When changes in microenvironment and/or immune response occur spontaneously or as a consequence of therapy, the subsequent acquisition of cancer “hallmarks” may vary accordingly, and a new latency period may be required to adapt to the new situation via additional epigenetic modifications. In addition, genetic mutations may succeed epigenetic modifications in reactivated proliferating cells, or even in cells in a population-level dormant state. As such, genetic mutations may confer further distinctive long-term features to the tumor cells. These considerations are consistent with the existence of an initial steady state in the vast majority of tumors, and with that of iterative cycles, exemplified by the above described treatment-dormancy-relapse cycles of prostate cancer. In light of this perspective, TD may play a key role in both primary and secondary tumor development. It may be assumed that a primary tumor is fully adapted to its milieu, which is rich in growth factors by chance. Therefore, the tumor cells may proliferate, even if they are not able to grow in the absence of these cues (contrary to self-sufficiency in growth signals, which is a distinctive trait of cancer). When cells of such a tumor detach and disseminate, they may engraft in a growth factor-deficient microenvironment. As a consequence, these incompetent DTCs may enter into a quiescent state until a specific epimutation endows them with the ability of being self-sufficient in growth signals, thereby restoring their proliferative capacity and allowing the accumulation of genetic mutations and the acquisition of a new phenotype, closer to the final stage of cancer development.

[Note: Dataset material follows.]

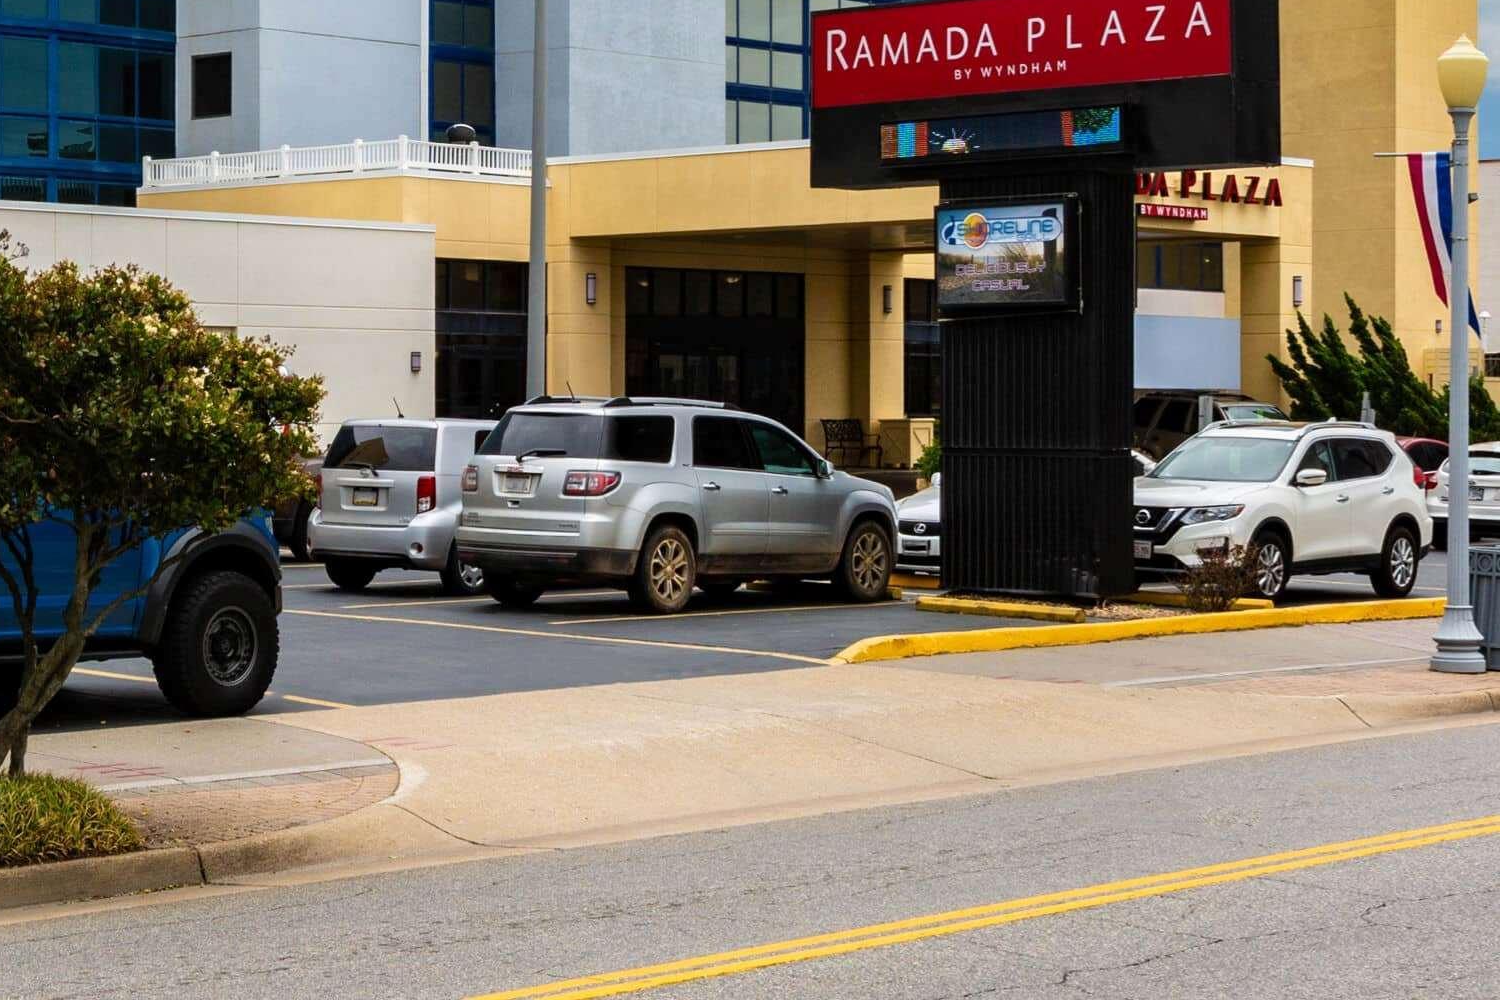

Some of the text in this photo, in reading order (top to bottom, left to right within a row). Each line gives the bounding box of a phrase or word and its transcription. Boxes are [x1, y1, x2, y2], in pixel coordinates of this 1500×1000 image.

In brief, since it is unlikely for a novel tumor to manifest all the distinctive traits of a developed tumor mass, it has to undergo iterative dormant phases to adapt to changing contexts through epigenetic modifications that confer new characteristics to it. As such, variability in nascent tumors may also underlie differences in TD duration and outcome. One current caveat is the need of in vitro and in vivo TD models to fill the gap to clinical practice. To this end, CTCs and DTCs from patients should be functionally characterized in terms of tumorigenic, stemness, dormancy and metastatic capacities. This information may yield new short-term indicators of therapy efficacy to be used in the clinic. Identification of new biomarkers, gene signatures and functional mediators of TD and tumor reactivation, in addition to improvements in single cell genomic and epigenomic analyses, will allow the execution of more detailed tumor lineage tracing studies. All this is of prime relevance since TD may often, if not always (i.e., in case of synchronous metastases), represent a pivotal step in cancer progression and metastatic dissemination and, finally, acquisition of the overall cancer “hallmarks”. Only detailed knowledge on these issues may allow the development of effective strategies to block the disease and to improve the prognosis of the patients.